Records provided Start Marker

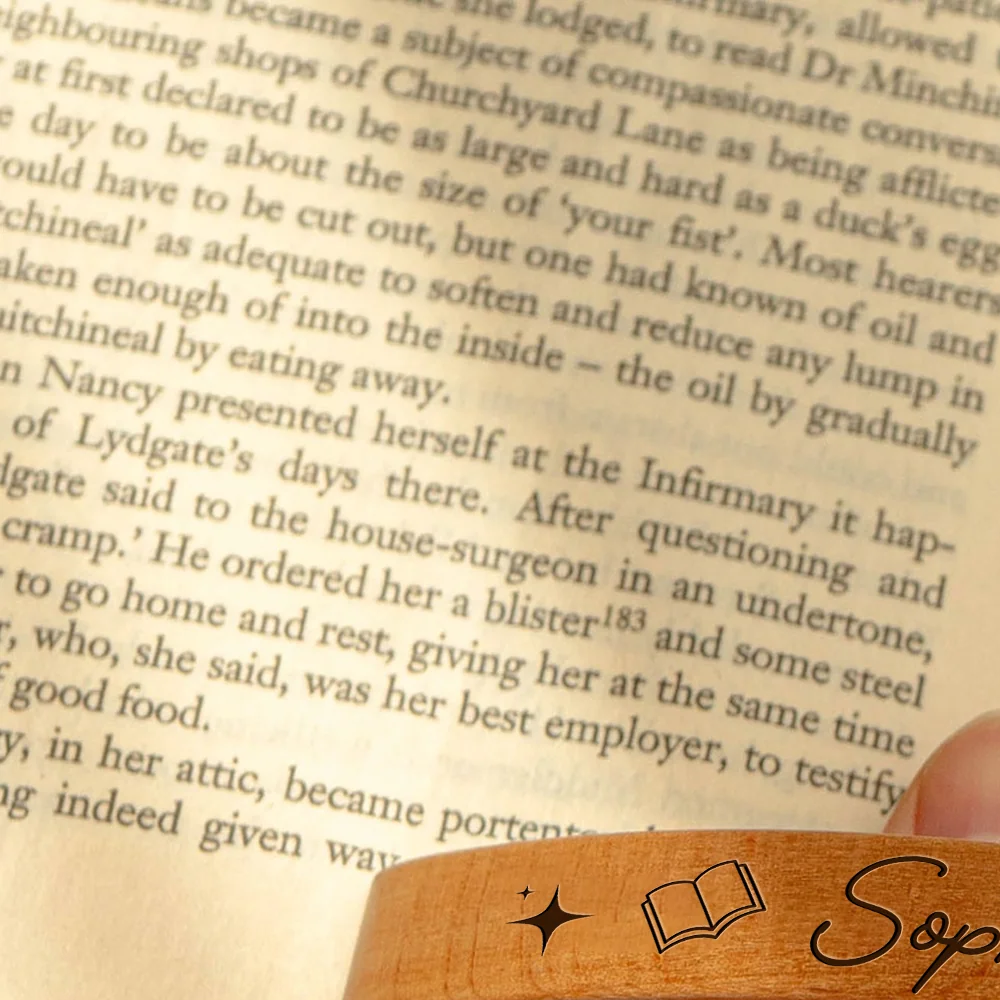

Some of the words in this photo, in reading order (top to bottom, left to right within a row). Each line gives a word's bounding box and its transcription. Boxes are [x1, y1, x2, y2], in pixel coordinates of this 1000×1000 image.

[215, 35, 318, 87] shops
[330, 58, 378, 91] of
[381, 64, 603, 134] Churchyard
[612, 105, 706, 156] Lane
[716, 137, 754, 164] as
[766, 135, 869, 197] being
[522, 0, 655, 52] lodged,
[666, 28, 706, 58] to
[711, 39, 794, 77] read
[800, 47, 855, 88] Dr
[29, 101, 96, 151] day
[110, 122, 149, 150] to
[164, 121, 209, 161] be
[223, 134, 329, 182] about
[344, 155, 404, 194] the
[417, 178, 487, 211] size
[502, 186, 549, 220] of
[760, 234, 859, 285] Most
[38, 355, 164, 416] Nancy
[173, 388, 359, 440] presented
[371, 408, 506, 462] herself
[511, 445, 548, 473] at
[562, 443, 622, 485] the
[638, 456, 817, 535] Infirmary
[829, 498, 859, 537] it
[871, 507, 956, 564] hap-
[91, 274, 229, 321] enough
[243, 292, 285, 324] of
[294, 305, 371, 338] into
[384, 310, 443, 353] the
[455, 332, 565, 374] inside
[615, 352, 675, 394] the
[686, 371, 738, 408] oil
[749, 378, 796, 428] by
[804, 403, 978, 471] gradually
[11, 406, 59, 441] of
[277, 447, 359, 498] days
[385, 464, 489, 515] there.
[515, 490, 615, 535] After
[636, 519, 856, 596] questioning
[877, 572, 948, 611] and
[101, 477, 178, 514] said
[193, 493, 231, 522] to
[250, 495, 310, 537] the
[325, 505, 599, 587] house-surgeon
[616, 557, 653, 596] in
[670, 577, 715, 608] an
[735, 590, 933, 665] undertone,
[151, 530, 211, 573] He
[220, 549, 370, 600] ordered
[376, 567, 443, 611] her
[450, 593, 470, 619] a
[653, 624, 726, 661] and
[732, 642, 832, 686] some
[840, 669, 926, 710] steel
[34, 619, 120, 669] who,
[132, 634, 197, 676] she
[206, 651, 289, 698] said,
[304, 672, 372, 706] was
[380, 673, 448, 721] her
[457, 689, 535, 737] best
[543, 714, 729, 774] employer,
[744, 746, 783, 778] to
[794, 758, 904, 817] testify
[46, 726, 84, 766] in
[97, 732, 164, 778] her
[174, 756, 266, 804] attic,
[283, 764, 426, 828] became
[52, 780, 184, 837] indeed
[197, 810, 303, 859] given

Records provided End Marker

## Your objective
Show each line of the data that contains the string "said".

## Solved problem
[101, 477, 178, 514] said
[206, 651, 289, 698] said,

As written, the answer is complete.